BEGIN Source material

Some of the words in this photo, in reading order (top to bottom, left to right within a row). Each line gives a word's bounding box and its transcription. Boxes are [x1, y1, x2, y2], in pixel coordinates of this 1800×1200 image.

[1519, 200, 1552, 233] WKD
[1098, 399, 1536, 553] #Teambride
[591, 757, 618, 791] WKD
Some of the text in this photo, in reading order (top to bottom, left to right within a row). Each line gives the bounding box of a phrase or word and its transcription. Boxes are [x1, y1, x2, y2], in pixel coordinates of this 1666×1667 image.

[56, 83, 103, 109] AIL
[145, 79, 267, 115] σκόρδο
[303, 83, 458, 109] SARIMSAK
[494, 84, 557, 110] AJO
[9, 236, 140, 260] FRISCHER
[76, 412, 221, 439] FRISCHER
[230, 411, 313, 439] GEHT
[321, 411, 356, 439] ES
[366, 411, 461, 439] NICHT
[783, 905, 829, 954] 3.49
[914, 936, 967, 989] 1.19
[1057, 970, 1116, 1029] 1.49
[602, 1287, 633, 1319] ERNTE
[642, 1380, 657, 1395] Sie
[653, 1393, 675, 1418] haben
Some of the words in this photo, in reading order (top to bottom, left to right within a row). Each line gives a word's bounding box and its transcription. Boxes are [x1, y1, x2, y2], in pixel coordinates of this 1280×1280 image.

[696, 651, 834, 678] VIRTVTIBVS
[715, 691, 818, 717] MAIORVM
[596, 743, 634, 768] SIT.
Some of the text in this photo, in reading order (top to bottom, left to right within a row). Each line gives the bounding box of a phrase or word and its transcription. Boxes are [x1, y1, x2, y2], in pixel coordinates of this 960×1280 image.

END Source material

### Exercise
Set down each line exactly as it appears in the data.

### Answer space
Some of the words in this photo, in reading order (top to bottom, left to right within a row). Each line gives a word's bounding box and its transcription. Boxes are [x1, y1, x2, y2], in pixel coordinates of this 1800×1200 image.

[1519, 200, 1552, 233] WKD
[1098, 399, 1536, 553] #Teambride
[591, 757, 618, 791] WKD
Some of the text in this photo, in reading order (top to bottom, left to right within a row). Each line gives the bounding box of a phrase or word and its transcription. Boxes are [x1, y1, x2, y2], in pixel coordinates of this 1666×1667 image.

[56, 83, 103, 109] AIL
[145, 79, 267, 115] σκόρδο
[303, 83, 458, 109] SARIMSAK
[494, 84, 557, 110] AJO
[9, 236, 140, 260] FRISCHER
[76, 412, 221, 439] FRISCHER
[230, 411, 313, 439] GEHT
[321, 411, 356, 439] ES
[366, 411, 461, 439] NICHT
[783, 905, 829, 954] 3.49
[914, 936, 967, 989] 1.19
[1057, 970, 1116, 1029] 1.49
[602, 1287, 633, 1319] ERNTE
[642, 1380, 657, 1395] Sie
[653, 1393, 675, 1418] haben
Some of the words in this photo, in reading order (top to bottom, left to right within a row). Each line gives a word's bounding box and its transcription. Boxes are [x1, y1, x2, y2], in pixel coordinates of this 1280×1280 image.

[696, 651, 834, 678] VIRTVTIBVS
[715, 691, 818, 717] MAIORVM
[596, 743, 634, 768] SIT.
Some of the text in this photo, in reading order (top to bottom, left to right within a row). Each line gives the bounding box of a phrase or word and its transcription. Boxes are [x1, y1, x2, y2], in pixel coordinates of this 960×1280 image.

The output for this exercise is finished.